When I finished school, she sustained her interest in me, writing me long letters in her careful cursive writing, month after month through the years. She always shared details of her life, her efforts at teaching reading to those who needed it most, shaking her head at misguided establishment bureaucracies that prevented kids from getting needs met, her yearly experiences with her Fresh Air Fund Child, the list continued. I remained in awe—both by her patience and her willingness to share her time with me during her very full life.  In fact, I was never as good at writing long letters, but would try to make up for things by long phone calls to catch up, though it felt like cheating. I never wanted to disappoint her. I still remember where I was standing when I got her letter that detailed her “latest challenge”, as she described it: stage four cancer.  Reading the words over and over again, I slowly digested the sadness that she carefully left out. At her funeral, about seven years later, the Shaker song she chose was so fitting it made me weep as it rang true in the big church —“tis a gift to be simple, tis the gift to be free, tis a gift to come down where we ought to be…
and when we find ourselves in the place just right, ‘twill be in the valley of love and delight.”   

And finally, Charmaine appeared with the arrival of Will, my firstborn.  She lived right next door in our little row of townhouses. Despite being my age and childless (not by choice), she’d pop over without knocking and burst in like the ray of sunshine we needed but could not find-even though our shades were up. Long days alone with a newborn are disorienting, especially when there is no particular schedule. I had actually run out of things to say to Will by 9am.  But then, there she’d be, at our most desperate moment—chatting away about anything, nothing, about the strawberry that I was holding, waving it in front of Will excitedly. I’d be in my pajamas but she was from Texas, so she was in her high heels and makeup.  I’d ask her where she was going, and she’d answer “to the grocery store,” and I’d say something like “you don’t have to dress up to go to the store here in NJ, like that” and she’d just look at me quizzically.  (To this day, whenever I accidently end up at Kings in my slippers, I think of Charmaine). She rambled on with Will and he smiled back at her, clearly relieved by her lightness of being. She taught me how to make real barbecue and gave me a Junior Women’s League Texas edition cookbook that I have cherished over the years.  (Those Texan women must be pretty competitive because I have never owned a recipe book with so many good recipes. Usually you have to buy a whole series.) Charmaine ended up moving a year or two later, and we gradually lost touch. With the advent of Facebook about fifteen years later, I was able to thank her for her help during that first year of Will’s life before she abruptly died of pancreatic cancer last spring.


So this is the gift that death leaves behind to those still alive, a sudden and complete understanding of the essence of the person, which remains like a permanent handprint in our lives.

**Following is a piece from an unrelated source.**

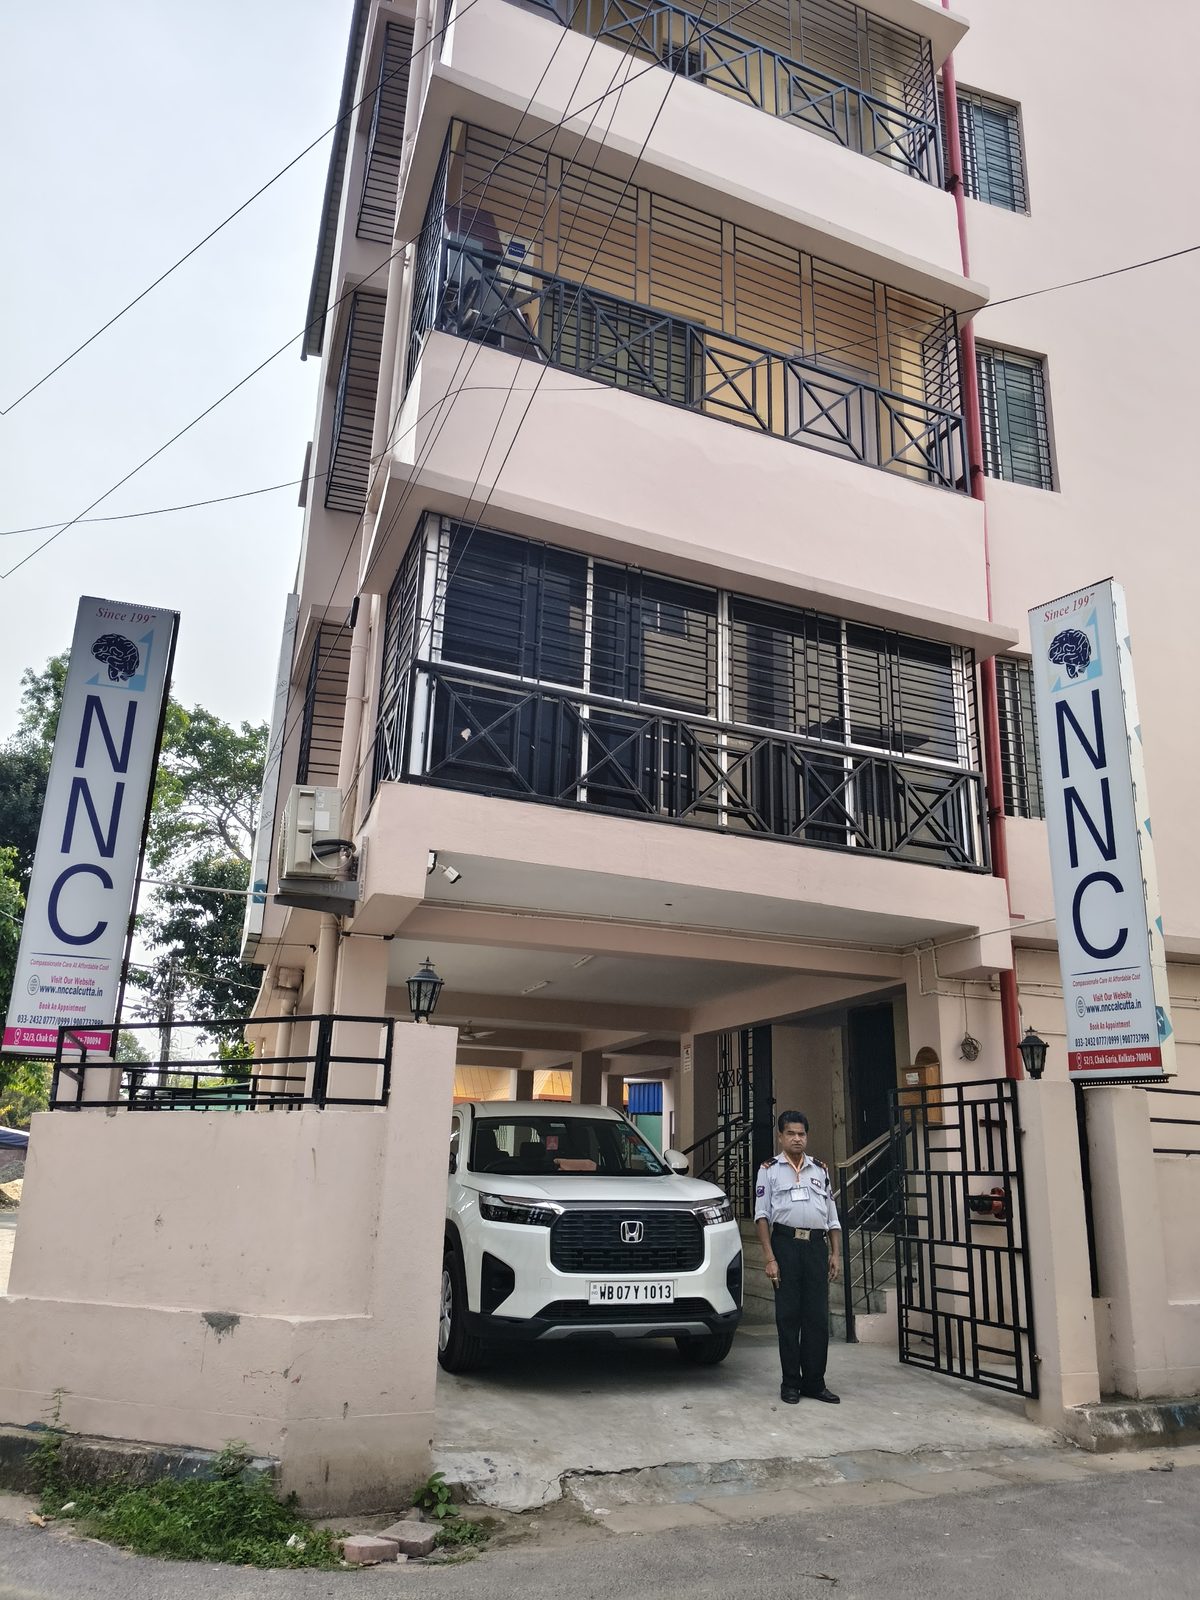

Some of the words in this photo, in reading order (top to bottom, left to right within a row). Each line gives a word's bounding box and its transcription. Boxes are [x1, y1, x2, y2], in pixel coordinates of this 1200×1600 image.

The other details, the details of our differences fade away in the wake of premature endings.  Instead, we are left remembering the specific light of that one person that glowed in its very particular way.  I’d like to think that I made the most of the relationships I had with these three particular women—women that intersected my life at critical junctures.  But the truth of the matter is, is that I didn’t.  There were reasons of course.  Busy with different paths. Busy with life. Busy with kids. Or even busy inserting other people in the places that those people left empty when we changed towns. But now I look back and think about how each one of them changed me so specifically, that of course they have always been irreplaceable. Their absence is only softened by their permanent mark on my life.